Drowning in numbers
Beyond big data: getting the right mix of human and artificial intelligence
Big data is everywhere, promising better and faster decision-making. But more information doesn’t necessarily yield better solutions. Computers are good at providing answers, but they are hopeless at knowing what questions to ask.
Here, Professor Julian Birkinshaw argues that firms can reap huge benefits from increasing quantities of data - but only when managers are smarter in choosing how to use it.
This article is provided by the Deloitte Institute of Innovation and Entrepreneurship.
Living in a world of “accelerating change” is both scary and seductive. Of the finalists for this year’s Financial Times business book of the year competition, four are about the causes or consequences of technological change – The Rise of the Robots, Digital Gold (about Bitcoin), How Music Got Free, and Losing the Signal (the story of Blackberry’s decline). Businesspeople everywhere, it seems, are anxious to make sense of the way digital technology is changing their competitive landscape.
At its heart, the accelerating change hypothesis says computer processing power continues to double every eighteen months or so, and the compounding effects of this trend will result in computer-based intelligence matching human intelligence within our lifetime – the so called “singularity”.

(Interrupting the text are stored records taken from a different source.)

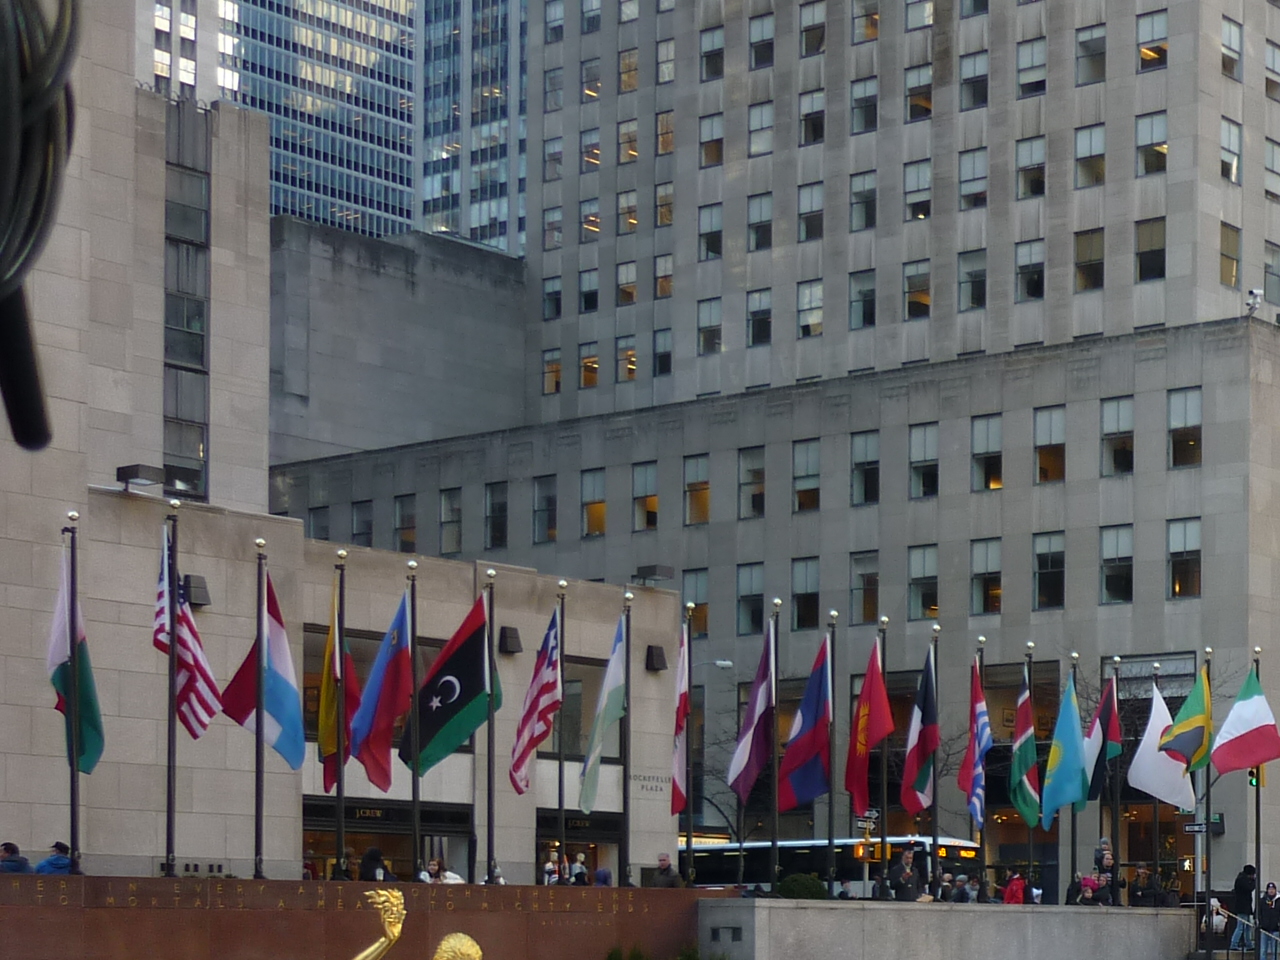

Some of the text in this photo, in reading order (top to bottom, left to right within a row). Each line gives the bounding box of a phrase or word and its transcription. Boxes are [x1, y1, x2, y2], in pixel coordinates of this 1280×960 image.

[628, 774, 672, 783] OCKEFELLE
[107, 882, 137, 892] IN
[174, 882, 265, 895] EVERY
[298, 886, 343, 895] ART
[515, 889, 555, 900] THE
[36, 894, 68, 906] TO
[106, 896, 244, 910] MORTALS
[430, 900, 455, 911] TO
[481, 902, 571, 912] MIGHTY
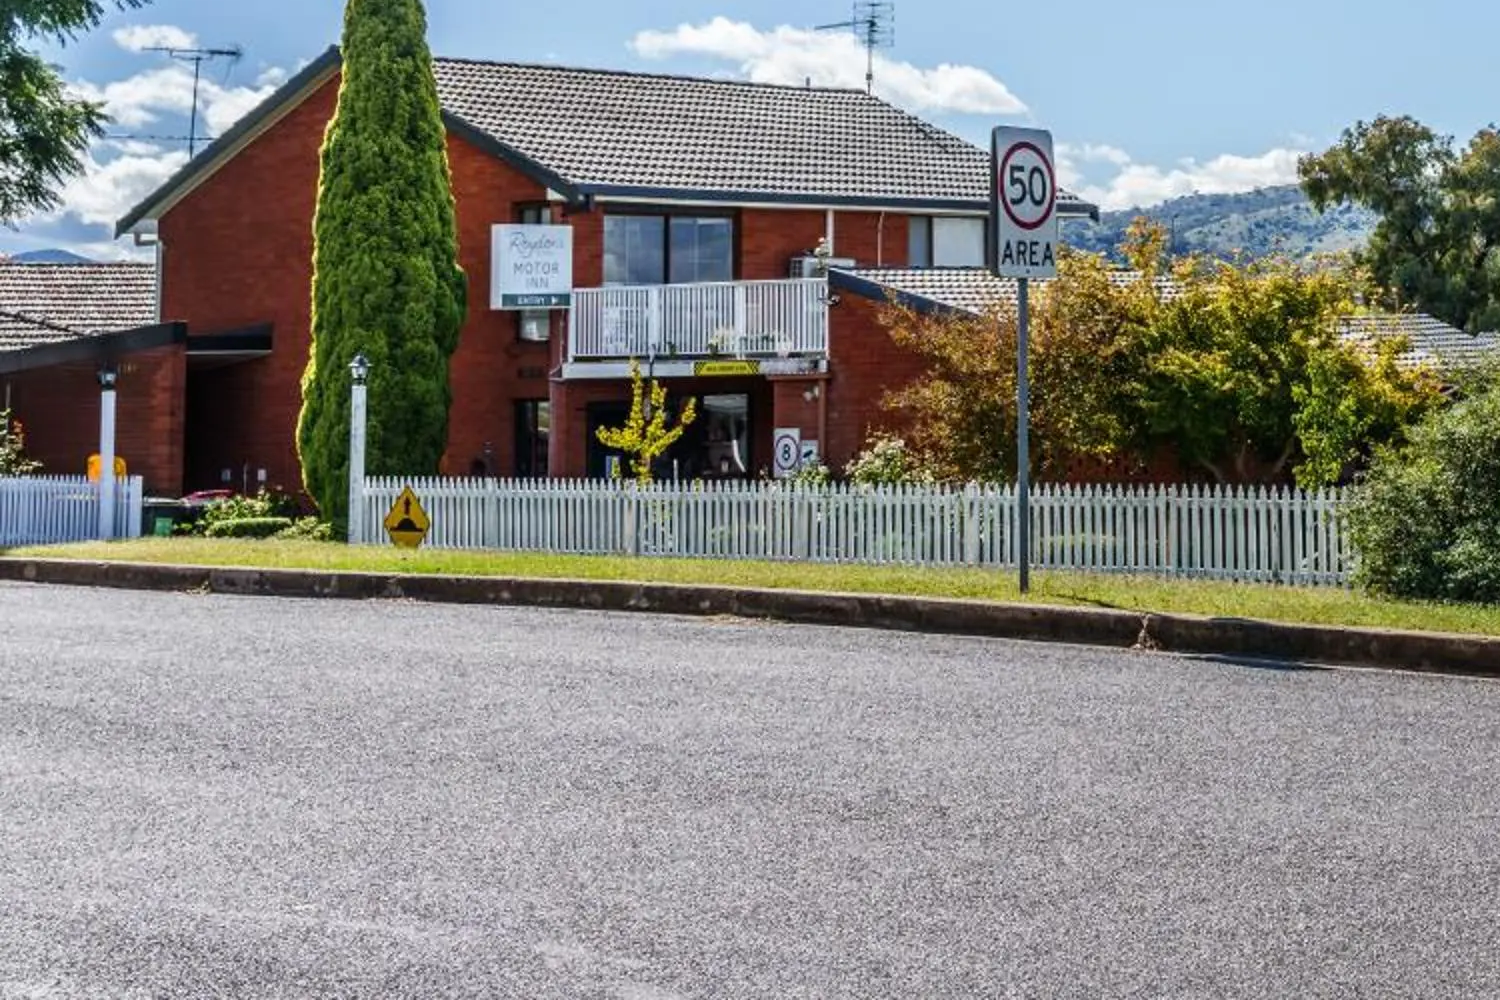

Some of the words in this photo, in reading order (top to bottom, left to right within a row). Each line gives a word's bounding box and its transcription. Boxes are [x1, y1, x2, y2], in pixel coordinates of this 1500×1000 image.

[1009, 164, 1047, 206] 50
[1001, 239, 1055, 267] AREA
[513, 262, 559, 275] MOTOR
[526, 277, 549, 288] INN
[782, 443, 791, 461] 8

Ray Kurzweil, one of the gurus of this movement, has some really scary predictions:
“By the end of this decade, computers will disappear as distinct physical objects, with displays built in our eyeglasses, and electronics woven in our clothing, providing full-immersion visual virtual reality.”
“Within several decades information-based technologies will encompass all human knowledge and proficiency, ultimately including the pattern-recognition powers, problem-solving skills, and emotional and moral intelligence of the human brain itself.”

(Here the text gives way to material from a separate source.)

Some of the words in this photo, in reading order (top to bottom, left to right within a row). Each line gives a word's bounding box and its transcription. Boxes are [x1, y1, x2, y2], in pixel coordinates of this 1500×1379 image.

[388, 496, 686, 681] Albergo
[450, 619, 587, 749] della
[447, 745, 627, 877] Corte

Is Kurzweil a crackpot or a genius? It’s hard to say. I remain sceptical that artificial intelligence can ever get close to human intelligence, but rather than dabble in futurism, I want to address the implications of accelerating change to business right now. And in particular, I want to ask, how much emphasis should we place on the solutions offered by the big data movement?
It is clear that firms can get enormous benefits from big data – companies such as IBM, Caesars Entertainment, American Express and Tesco have all succeeded in part through the use of advanced analytical techniques. But equally, there are limits to the power of big data. Taken too far, you get stuck in analysis paralysis, you end up with a blinkered, quantitatively-driven view of issues, and your decision-making process becomes sterile.

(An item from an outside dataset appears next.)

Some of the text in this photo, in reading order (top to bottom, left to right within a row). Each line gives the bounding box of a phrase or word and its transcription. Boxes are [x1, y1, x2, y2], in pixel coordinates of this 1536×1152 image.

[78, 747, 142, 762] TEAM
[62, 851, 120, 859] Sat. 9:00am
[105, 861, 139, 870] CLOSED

The problem with big data, as noted by Forbes columnist Bernard Marr, can be summed up in a single number: 42. If you remember Douglas Adam’s Hitchhikers Guide to the Galaxy, this was the answer to the great question of life, the universe and everything. Unfortunately this answer had a few weaknesses: it took seven and a half million years to compute (a severe case of analysis paralysis); it was expressed in a sterile, quantitative way with absolutely no context to help the user make sense of it; and as Douglas Adams himself pointed out, it wasn’t ever clear what question 42 was the answer to.
Indeed, it is a simple law of statistics that the bigger the database, the easier it is to get support for any hypothesis you put forward. It is sometimes said that you should let the data speak for itself, but actually that is nonsense. The truth is, the more data you have, the more vital it is to ask smart questions, otherwise you end up in the land of GIGO: garbage in, garbage out. And this question-asking ability seems to be one of the few remaining preserves of human intelligence.
So how can you get the most value out of the big data revolution? Essentially, you need to get a clearer understanding of the relative merits of human and artificial intelligence so that you can use them in complementary ways.
Actually, the challenge is more complicated than simply choosing between these two forms of intelligence. I like to think of a spectrum with four different forms of intelligence: Human Intelligence, Team Intelligence, Crowd Intelligence, Artificial Intelligence.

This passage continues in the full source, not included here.